Another well-characterized inflammatory cytokine, IL-6, has also been involved in various metabolic, endocrine, and neoplastic disorders. Activation of STAT signaling, via IL-6, is known to induce cancer cell proliferation, survival, and invasion, while suppressing host antitumour immunity [119]. It has been documented that the expression of IL-6 in adipose tissue and its serum concentrations positively correlate with obesity, insulin resistance, and T2D, even with insulin resistance in cancer patients [97, 120]. In one study with breast cancer patients, IL-6 and estrogen levels were found to be higher in the insulin-resistant breast cancer patients without treatment compared to the ones without insulin resistance [121]. Similarly, in prostate cancer, serum levels of IL-6 were higher in patients with obesity/insulin resistance and clinically evident hormone-resistant prostate cancer, compared to those with hormone-dependent cancer [122]. Inflammation and insulin resistance shift the cell's response to the inflammatory activating NFκB, which is strongly associated with abdominal obesity and insulin resistance.
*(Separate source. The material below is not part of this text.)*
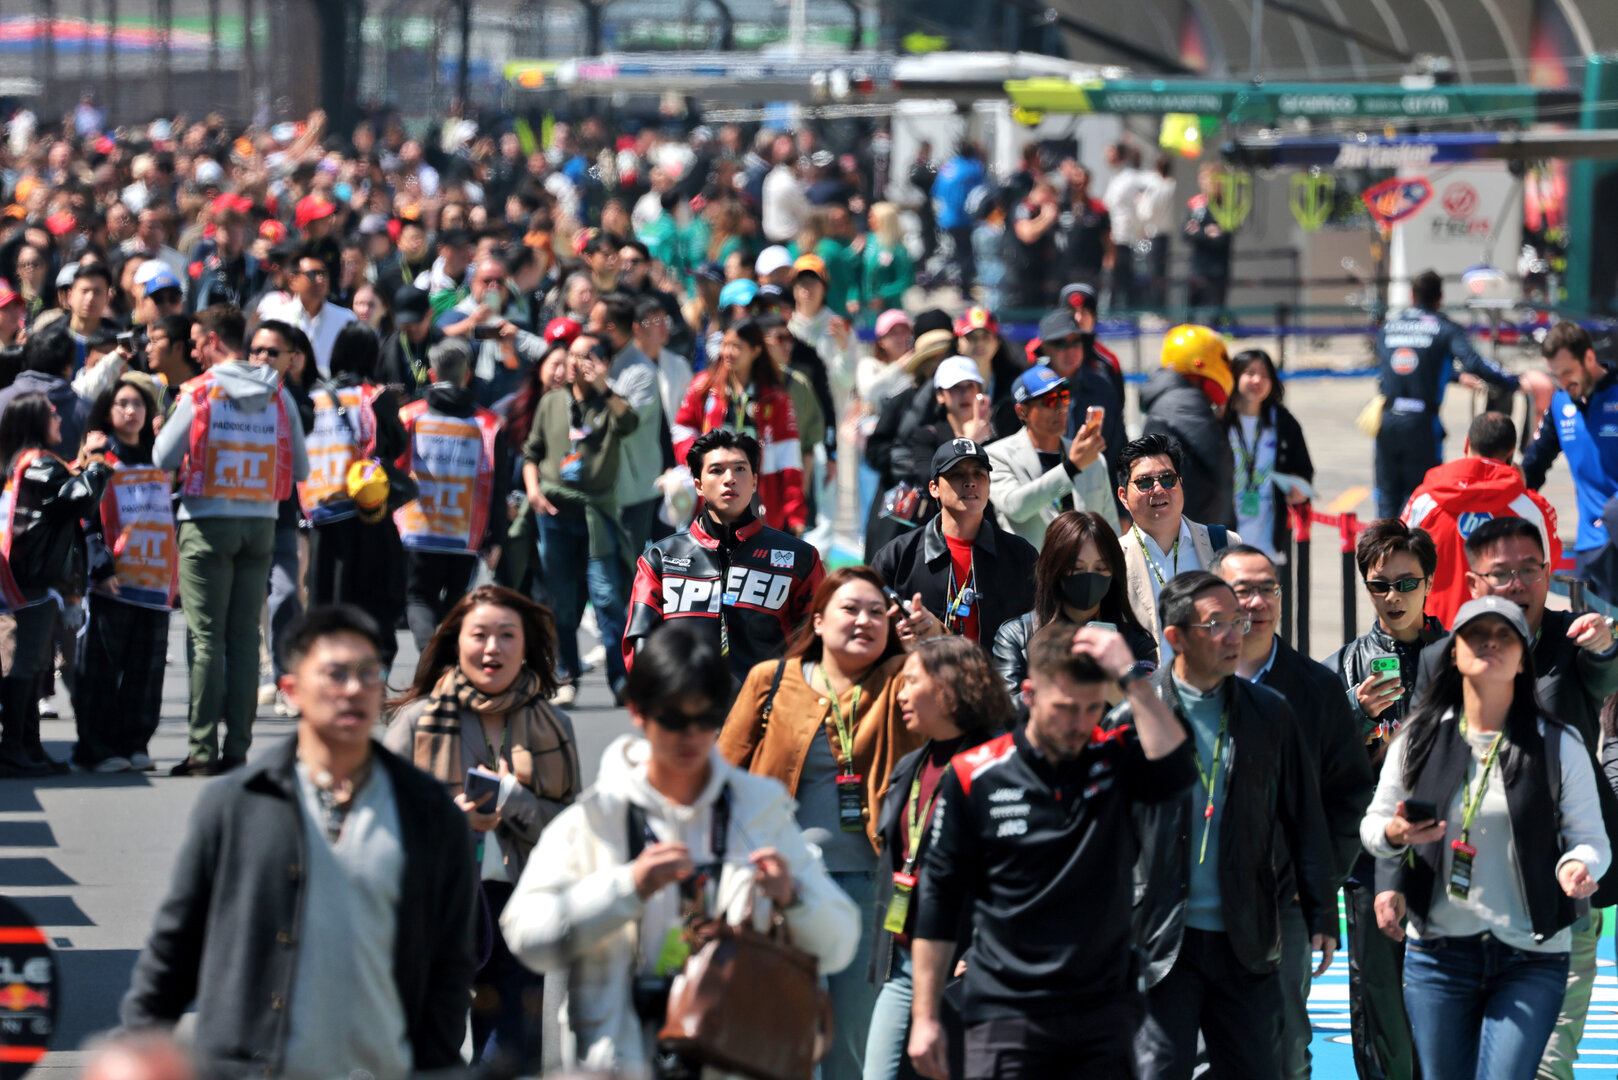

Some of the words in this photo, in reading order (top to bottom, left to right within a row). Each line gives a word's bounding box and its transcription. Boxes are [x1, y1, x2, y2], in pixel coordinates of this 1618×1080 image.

As stated above, this transcription factor is involved in cytokine signaling and in cell survival, and its expression is induced by a multitude of different extracellular stimuli, including chemotherapeutics, stress stimuli, and growth factors. NFκB promotes the expression of target genes involved in cellular proliferation and cell migration, anti-apoptosis, and angiogenesis. Functional reduction of NFκB correlates with decreased breast tumour cell proliferation. Another mechanism that fuel cancer growth and tumour progression in low-grade chronic inflammation and insulin resistance is the accumulation of damaged DNA [123, 124]. Hyperglycemia in insulin resistance increases advanced glycation end-product (AGE) formation [125]. The production of intracellular AGE precursors damages target cells by modifying proteins and altering their function. It has been reported that plasma proteins modified by AGE precursors bind to AGE receptors on endothelial and mesangial cells and macrophages, inducing receptor-mediated production of ROS. Also, AGE receptor ligation, by activating NFκB, can induce adverse changes in gene expression [126].

6. Conclusions

The last decades of medical research examining the pathogenesis of common tumours have provided compelling evidence for the involvement of insulin resistance in cancer. Consequently, many research articles have been published in the literature which give support to the hypothesis that patients with insulin-resistant syndromes, such as obesity and T2D, might be at higher risk for developing cancer than the general population. The molecular mechanisms for this association are unknown, but chronic sustained hyperinsulinaemia in these insulin-resistant patients appears to play a role in the neoplastic transformation process. As underlined in this paper, several explanations have been proposed for this association; however the precise mechanisms that link insulin resistance and cancer have not yet been fully understood and a more detailed molecular and mechanistic understanding is required to interpret the existing data, together with more thorough preclinical and clinical studies. Understanding these mechanisms may lead to novel diagnostic and therapeutic strategies in these patients in which measures to decrease chronic hyperinsulinemia and insulin resistance may offer a general approach to prevention of cancer.